— Problem statement —
Only the lines from the one containing "this 1200×1600 image." to the end of the records should be given again, word for word and in full.

*** Working data Section Begins ***

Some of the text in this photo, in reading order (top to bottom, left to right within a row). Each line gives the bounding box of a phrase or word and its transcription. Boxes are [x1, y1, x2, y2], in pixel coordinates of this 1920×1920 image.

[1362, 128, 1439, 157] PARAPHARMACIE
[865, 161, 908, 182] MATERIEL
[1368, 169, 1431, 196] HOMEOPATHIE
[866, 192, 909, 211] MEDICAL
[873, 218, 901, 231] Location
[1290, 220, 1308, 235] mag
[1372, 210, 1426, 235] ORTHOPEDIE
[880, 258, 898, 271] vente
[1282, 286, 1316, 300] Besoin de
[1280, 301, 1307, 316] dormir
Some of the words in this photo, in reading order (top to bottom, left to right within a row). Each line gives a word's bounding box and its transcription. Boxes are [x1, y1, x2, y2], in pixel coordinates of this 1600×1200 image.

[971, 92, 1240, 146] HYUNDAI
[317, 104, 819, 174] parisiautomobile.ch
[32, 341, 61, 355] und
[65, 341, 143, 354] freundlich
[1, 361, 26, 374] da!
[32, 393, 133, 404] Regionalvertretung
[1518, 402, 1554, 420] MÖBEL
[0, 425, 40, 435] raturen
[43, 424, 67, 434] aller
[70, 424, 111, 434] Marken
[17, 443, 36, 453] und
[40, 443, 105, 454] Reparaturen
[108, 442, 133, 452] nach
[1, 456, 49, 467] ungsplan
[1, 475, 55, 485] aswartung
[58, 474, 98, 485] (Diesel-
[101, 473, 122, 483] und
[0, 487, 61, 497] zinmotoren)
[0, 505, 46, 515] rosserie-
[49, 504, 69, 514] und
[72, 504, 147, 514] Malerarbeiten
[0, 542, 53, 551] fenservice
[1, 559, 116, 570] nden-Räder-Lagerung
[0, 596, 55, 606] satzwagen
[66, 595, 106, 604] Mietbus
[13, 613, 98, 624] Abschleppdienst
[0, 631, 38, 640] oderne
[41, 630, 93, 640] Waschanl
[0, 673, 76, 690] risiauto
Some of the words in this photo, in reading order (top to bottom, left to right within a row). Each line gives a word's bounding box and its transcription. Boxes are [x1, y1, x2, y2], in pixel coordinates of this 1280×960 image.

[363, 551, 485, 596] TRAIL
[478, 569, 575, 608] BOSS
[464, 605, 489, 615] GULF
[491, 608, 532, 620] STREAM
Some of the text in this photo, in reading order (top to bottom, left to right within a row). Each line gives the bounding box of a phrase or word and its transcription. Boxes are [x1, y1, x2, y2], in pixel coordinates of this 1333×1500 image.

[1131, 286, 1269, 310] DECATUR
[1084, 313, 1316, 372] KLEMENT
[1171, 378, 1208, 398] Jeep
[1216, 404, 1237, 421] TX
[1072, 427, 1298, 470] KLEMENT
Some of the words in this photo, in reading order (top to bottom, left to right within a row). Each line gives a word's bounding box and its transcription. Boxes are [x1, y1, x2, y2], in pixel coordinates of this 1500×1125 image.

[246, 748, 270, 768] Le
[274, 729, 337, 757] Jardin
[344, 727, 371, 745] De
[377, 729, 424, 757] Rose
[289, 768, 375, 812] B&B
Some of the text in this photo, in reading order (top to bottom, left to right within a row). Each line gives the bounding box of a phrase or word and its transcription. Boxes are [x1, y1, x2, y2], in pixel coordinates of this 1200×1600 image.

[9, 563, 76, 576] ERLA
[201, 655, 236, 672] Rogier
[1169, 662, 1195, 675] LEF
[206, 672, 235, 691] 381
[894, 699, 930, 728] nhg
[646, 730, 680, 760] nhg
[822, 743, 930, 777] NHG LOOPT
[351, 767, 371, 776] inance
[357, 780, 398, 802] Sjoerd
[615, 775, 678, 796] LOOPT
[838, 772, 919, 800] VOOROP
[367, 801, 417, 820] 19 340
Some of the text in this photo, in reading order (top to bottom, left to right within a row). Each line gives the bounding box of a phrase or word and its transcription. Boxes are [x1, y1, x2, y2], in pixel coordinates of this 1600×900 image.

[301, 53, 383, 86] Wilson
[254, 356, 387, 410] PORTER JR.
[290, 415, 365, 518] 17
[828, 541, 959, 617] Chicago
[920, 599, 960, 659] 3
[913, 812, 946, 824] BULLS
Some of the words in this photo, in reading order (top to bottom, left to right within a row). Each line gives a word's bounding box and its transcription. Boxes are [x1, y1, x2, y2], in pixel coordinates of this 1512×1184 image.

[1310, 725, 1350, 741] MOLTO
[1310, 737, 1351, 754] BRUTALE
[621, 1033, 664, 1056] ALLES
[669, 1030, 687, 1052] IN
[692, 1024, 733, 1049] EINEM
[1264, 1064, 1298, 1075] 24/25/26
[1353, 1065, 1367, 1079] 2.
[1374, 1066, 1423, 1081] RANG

*** Working data Section Ends ***

— Your solution —
Some of the text in this photo, in reading order (top to bottom, left to right within a row). Each line gives the bounding box of a phrase or word and its transcription. Boxes are [x1, y1, x2, y2], in pixel coordinates of this 1200×1600 image.

[9, 563, 76, 576] ERLA
[201, 655, 236, 672] Rogier
[1169, 662, 1195, 675] LEF
[206, 672, 235, 691] 381
[894, 699, 930, 728] nhg
[646, 730, 680, 760] nhg
[822, 743, 930, 777] NHG LOOPT
[351, 767, 371, 776] inance
[357, 780, 398, 802] Sjoerd
[615, 775, 678, 796] LOOPT
[838, 772, 919, 800] VOOROP
[367, 801, 417, 820] 19 340
Some of the text in this photo, in reading order (top to bottom, left to right within a row). Each line gives the bounding box of a phrase or word and its transcription. Boxes are [x1, y1, x2, y2], in pixel coordinates of this 1600×900 image.

[301, 53, 383, 86] Wilson
[254, 356, 387, 410] PORTER JR.
[290, 415, 365, 518] 17
[828, 541, 959, 617] Chicago
[920, 599, 960, 659] 3
[913, 812, 946, 824] BULLS
Some of the words in this photo, in reading order (top to bottom, left to right within a row). Each line gives a word's bounding box and its transcription. Boxes are [x1, y1, x2, y2], in pixel coordinates of this 1512×1184 image.

[1310, 725, 1350, 741] MOLTO
[1310, 737, 1351, 754] BRUTALE
[621, 1033, 664, 1056] ALLES
[669, 1030, 687, 1052] IN
[692, 1024, 733, 1049] EINEM
[1264, 1064, 1298, 1075] 24/25/26
[1353, 1065, 1367, 1079] 2.
[1374, 1066, 1423, 1081] RANG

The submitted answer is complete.